Further, there are two tests that would have to be met for a financial institution member to be eligible to file on a consolidated basis with other entities—a stock ownership test and a filing test (meaning the member must be a financial institution required to file an Alabama FIET return). Under current law, includable financial institutions connected though stock ownership with a common parent corporation are includible corporations if there is at least 80% direct stock ownership by another includible corporation or the common parent.  House Bill 419 would revise the ownership test to include both direct ownership and indirect ownership of stock by another includible corporation or the common parent applying the attribution rules of IRC section 318.

Any election to file on a consolidated basis would be binding on the Department of Revenue and on the qualified corporate group for a period of not less than 10 tax years. However, the election would terminate automatically upon the revocation or termination of the federal consolidated return election.


Estimated payments and due dates

Under current law, no estimated FIET payments are required.

New Ala. Code § 40-16-5.1 provides that financial institutions would generally “pay estimated financial institutions excise tax in accordance with 26 U.S.C. § 6655.” There are, however, certain modifications to federal law that would apply in making Alabama estimated FIET payments. The balance of the FIET owed, after being reduced by credits and prior estimated payments, would be due and paid at the same time as the due date of the original return.

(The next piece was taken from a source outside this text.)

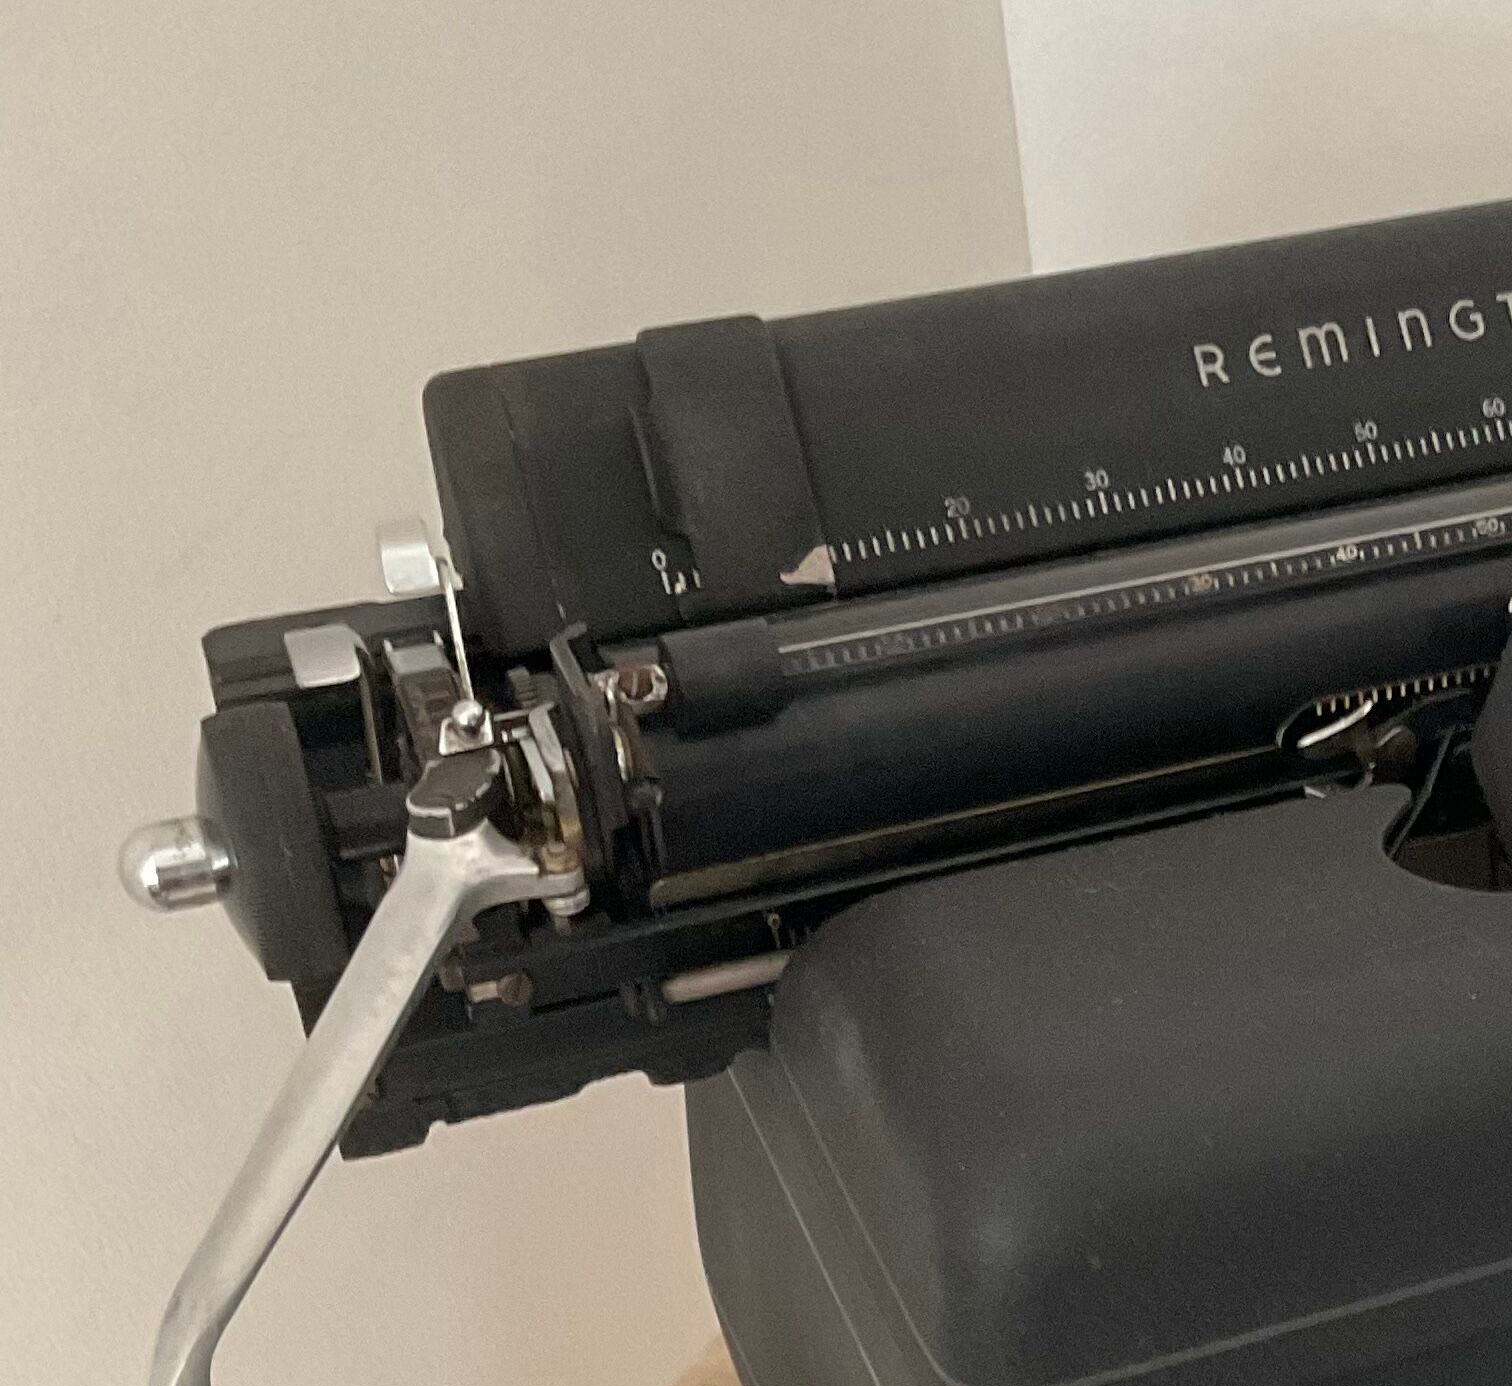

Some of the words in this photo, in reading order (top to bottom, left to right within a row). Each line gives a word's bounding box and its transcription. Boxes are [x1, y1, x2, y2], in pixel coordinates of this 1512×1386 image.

Under current law, the FIET return is due within the first 15 days of April each year. New Ala. Code § 40-16-11 would provide transition rules for the implementation of the Financial Institution Excise Tax Reform Act given that, previously, no estimated payments were required. Accordingly, the Department of Revenue would be required to waive penalties and interest attributable to underpayments of estimated tax occurring within the first two applicable tax years. Penalties and interest would not be waived if they are attributable to intentional disregard of law.

House Bill 419 ties the due date of the FIET return to the due date, including applicable extensions, of the financial institution’s federal income tax or information return.